The statements summarized by the prosecutor in last week’s filing and the new letter draw on testimony Mr. Libby gave to a grand jury investigating whether White House officials deliberately leaked the name of a CIA operative, Valerie Plame, to retaliate against her husband, Joseph Wilson, a former ambassador who challenged Mr. Bush’s public assessment of Iraqi nuclear weapons efforts.
Mr. Libby resigned as chief of staff to Mr. Cheney after being indicted in October on charges of obstruction of justice, perjury, and making false statements to investigators.
Mr. Fitzgerald’s letter to the court, which was obtained last night by The New York Sun, offered no explanation for the error in the earlier filing. A spokesman for the prosecutor, Randall Samborn, said he was not authorized to comment on the development.
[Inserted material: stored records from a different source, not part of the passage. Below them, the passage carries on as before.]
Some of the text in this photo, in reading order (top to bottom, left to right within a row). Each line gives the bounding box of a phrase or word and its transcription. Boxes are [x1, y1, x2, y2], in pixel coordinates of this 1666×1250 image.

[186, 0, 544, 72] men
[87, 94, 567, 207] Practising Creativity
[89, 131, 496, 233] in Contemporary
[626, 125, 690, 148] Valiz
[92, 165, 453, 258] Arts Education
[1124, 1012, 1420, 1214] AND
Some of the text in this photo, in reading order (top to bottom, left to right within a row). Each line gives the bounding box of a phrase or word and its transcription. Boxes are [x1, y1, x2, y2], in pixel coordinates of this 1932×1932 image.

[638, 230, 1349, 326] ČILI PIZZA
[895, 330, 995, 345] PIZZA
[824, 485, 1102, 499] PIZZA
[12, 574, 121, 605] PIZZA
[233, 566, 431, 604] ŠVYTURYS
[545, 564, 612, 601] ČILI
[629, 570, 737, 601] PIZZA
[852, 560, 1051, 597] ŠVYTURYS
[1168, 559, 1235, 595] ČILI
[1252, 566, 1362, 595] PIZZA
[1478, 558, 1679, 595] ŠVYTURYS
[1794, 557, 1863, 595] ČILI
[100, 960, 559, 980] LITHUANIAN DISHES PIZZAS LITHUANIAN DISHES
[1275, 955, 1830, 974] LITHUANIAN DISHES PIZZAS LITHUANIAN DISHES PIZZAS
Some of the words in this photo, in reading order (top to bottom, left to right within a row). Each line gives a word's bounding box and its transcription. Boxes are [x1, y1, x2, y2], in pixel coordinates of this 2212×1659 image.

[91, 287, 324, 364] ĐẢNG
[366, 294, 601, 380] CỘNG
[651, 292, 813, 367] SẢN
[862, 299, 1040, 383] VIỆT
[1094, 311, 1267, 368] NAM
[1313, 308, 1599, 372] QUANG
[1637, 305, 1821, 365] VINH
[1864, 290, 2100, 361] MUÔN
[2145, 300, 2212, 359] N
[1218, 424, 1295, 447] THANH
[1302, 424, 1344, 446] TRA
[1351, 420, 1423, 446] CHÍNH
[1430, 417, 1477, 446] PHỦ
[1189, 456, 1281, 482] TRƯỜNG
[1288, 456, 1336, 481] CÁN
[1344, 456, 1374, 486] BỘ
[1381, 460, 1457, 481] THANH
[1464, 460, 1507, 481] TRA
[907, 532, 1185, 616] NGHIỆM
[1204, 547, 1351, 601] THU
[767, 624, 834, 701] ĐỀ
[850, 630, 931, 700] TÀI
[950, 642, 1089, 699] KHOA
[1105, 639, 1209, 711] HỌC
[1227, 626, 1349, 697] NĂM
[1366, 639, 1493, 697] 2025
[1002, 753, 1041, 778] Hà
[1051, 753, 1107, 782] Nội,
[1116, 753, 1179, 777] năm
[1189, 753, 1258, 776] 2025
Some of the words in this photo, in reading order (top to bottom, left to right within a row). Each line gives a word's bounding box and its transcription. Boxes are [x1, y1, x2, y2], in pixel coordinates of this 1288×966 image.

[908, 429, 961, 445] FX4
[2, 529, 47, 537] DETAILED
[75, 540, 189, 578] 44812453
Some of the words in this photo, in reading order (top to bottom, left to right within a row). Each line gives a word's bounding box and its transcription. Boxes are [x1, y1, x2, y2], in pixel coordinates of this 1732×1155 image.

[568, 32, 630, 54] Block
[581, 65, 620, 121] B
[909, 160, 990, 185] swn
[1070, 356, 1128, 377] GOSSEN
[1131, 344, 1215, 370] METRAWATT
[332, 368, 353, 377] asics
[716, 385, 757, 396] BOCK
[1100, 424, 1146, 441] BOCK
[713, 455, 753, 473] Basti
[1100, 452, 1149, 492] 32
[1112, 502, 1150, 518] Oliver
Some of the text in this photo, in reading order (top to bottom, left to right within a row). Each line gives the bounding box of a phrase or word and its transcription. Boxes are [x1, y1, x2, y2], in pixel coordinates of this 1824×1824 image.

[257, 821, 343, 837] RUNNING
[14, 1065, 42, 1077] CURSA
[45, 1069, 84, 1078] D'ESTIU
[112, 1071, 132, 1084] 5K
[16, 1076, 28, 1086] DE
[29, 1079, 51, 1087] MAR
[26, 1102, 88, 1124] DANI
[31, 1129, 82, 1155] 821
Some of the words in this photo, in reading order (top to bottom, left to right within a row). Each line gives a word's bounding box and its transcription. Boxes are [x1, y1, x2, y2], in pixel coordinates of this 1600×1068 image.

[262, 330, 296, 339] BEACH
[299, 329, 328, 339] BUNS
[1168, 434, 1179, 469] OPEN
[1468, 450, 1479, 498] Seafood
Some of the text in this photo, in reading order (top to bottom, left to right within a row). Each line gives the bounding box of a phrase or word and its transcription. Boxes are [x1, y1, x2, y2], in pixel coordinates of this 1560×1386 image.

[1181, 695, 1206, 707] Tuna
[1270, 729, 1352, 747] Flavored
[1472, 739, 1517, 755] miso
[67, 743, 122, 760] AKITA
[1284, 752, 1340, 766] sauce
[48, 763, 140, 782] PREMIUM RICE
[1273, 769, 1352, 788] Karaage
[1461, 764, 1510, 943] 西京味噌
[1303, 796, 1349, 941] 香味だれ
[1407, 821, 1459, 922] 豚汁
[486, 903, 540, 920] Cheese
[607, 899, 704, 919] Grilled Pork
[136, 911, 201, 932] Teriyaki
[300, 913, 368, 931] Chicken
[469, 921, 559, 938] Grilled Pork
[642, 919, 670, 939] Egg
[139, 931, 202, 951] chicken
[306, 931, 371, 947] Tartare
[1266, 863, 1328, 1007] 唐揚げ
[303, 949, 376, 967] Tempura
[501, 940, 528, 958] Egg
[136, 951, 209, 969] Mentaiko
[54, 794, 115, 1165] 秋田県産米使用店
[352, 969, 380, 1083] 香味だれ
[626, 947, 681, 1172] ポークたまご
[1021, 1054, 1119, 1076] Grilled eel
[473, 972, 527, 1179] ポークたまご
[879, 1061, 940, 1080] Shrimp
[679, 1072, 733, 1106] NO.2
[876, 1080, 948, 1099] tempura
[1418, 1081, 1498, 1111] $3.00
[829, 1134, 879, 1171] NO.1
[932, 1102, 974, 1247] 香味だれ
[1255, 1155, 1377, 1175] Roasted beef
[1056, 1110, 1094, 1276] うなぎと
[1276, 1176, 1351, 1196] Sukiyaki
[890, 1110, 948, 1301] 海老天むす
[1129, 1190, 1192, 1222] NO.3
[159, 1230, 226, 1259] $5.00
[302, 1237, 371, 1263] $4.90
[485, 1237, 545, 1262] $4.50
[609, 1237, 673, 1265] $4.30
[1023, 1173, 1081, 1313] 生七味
The reversal by Mr. Fitzgerald does not directly undercut the central disclosures in last week’s government brief, namely that Mr. Libby told a grand jury that Mr. Cheney said he sought Mr. Bush’s approval for the disclosure of information from the intelligence estimate to Ms. Miller and that the declassification took place without the knowledge of officials, such as the director of central intelligence, who were embarked on a parallel but slower-moving effort to review the report for declassification.
However, the prosecutor’s revised account may disarm those who accused Messrs. Bush and Cheney of propagating a lie about the report’s findings. The now-withdrawn assertion that Mr. Libby was ordered to tell a reporter that a secondary and disputed finding in the report was, in fact, a “key judgment” was featured in the second paragraph of a front-page New York Times story on Sunday arguing that the leak to Ms. Miller was skewed.
A related claim, that the officials omitted from their presentation to Ms. Miller the reservations of some intelligence agencies, may still be plausible, even in light of Mr. Fitzgerald’s latest statement.
White House officials have declined to comment on the details of the declassification process, citing Mr. Fitzgerald’s request that witnesses in the case not speak publicly.
Over the weekend, an attorney involved in the case told the Associated Press that, while Mr. Bush approved declassification of the intelligence estimate, he was not aware of how Messrs. Cheney and Libby planned to dole out the information.
According to court papers, Mr. Libby discussed the estimate with Ms. Miller during a meeting at a Washington hotel on July 8, 2003. The key findings of the report were officially declassified and released to the press and the general public 10 days later.